Kennedy has been on campus this week as part of Dartmouth’s Martin Luther King Jr. Celebration. He signed on to lead letterpress workshops, meet with classes, and talk during a symposium on poverty, and an exhibit of his posters has been on display in Baker-Berry Library. Also on the schedule is a screening of Proceed and Be Bold!, a documentary about Kennedy, at 7:30 p.m. on Wednesday, January 30, at the Hood Auditorium.

Kennedy, whose work can be found in New York’s Metropolitan Museum of Art and in collections at Northwestern University and the University of Illinois, quit his job as a computer programmer at 40 to dedicate himself to the art of letterpress. He shrugs off the career change as “one of them weird things that happen to you in your life.”

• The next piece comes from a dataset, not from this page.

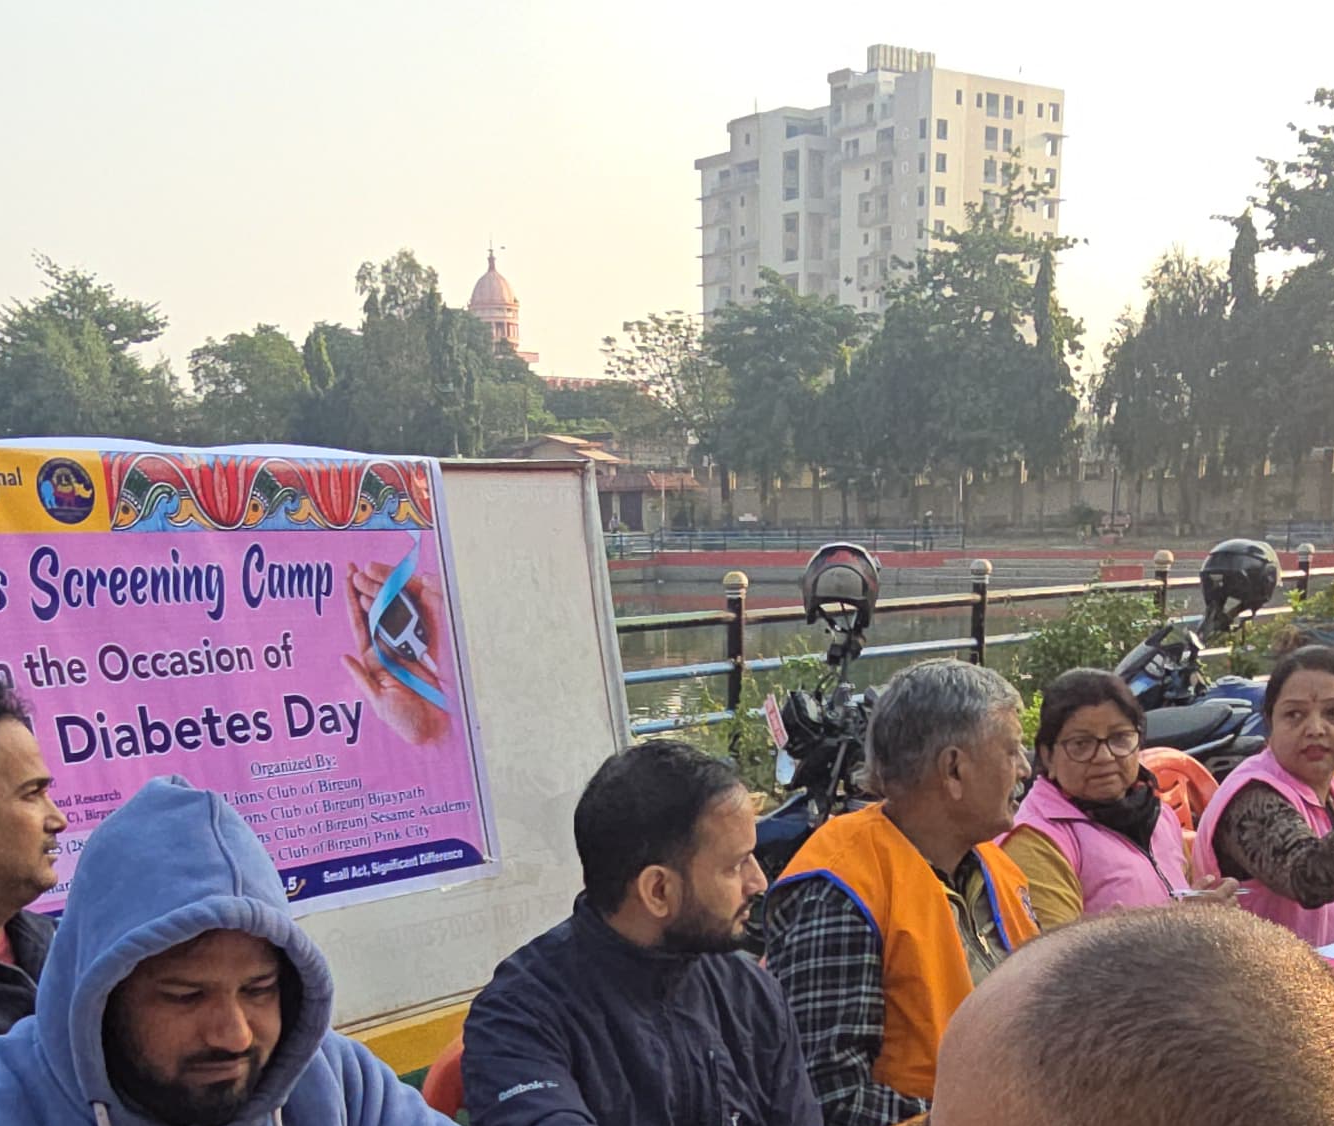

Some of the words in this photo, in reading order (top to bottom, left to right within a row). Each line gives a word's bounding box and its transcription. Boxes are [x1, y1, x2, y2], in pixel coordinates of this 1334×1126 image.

“Some people say it was a midlife crisis, but I say, no, my midlife crisis won’t happen until I’m 90,” says Kennedy, who is 62. “I just like putting ink on paper.”

He is not the only one. Kennedy says letterpress is experiencing a revival, which he believes is a pushback to the digital age. “I think that a lot of students have worked in the digital age for so long that the idea of working with your hands is really, really interesting and something that students want to explore.”

Students were able to watch Kennedy at work and create their own posters, which some asked Kennedy to autograph.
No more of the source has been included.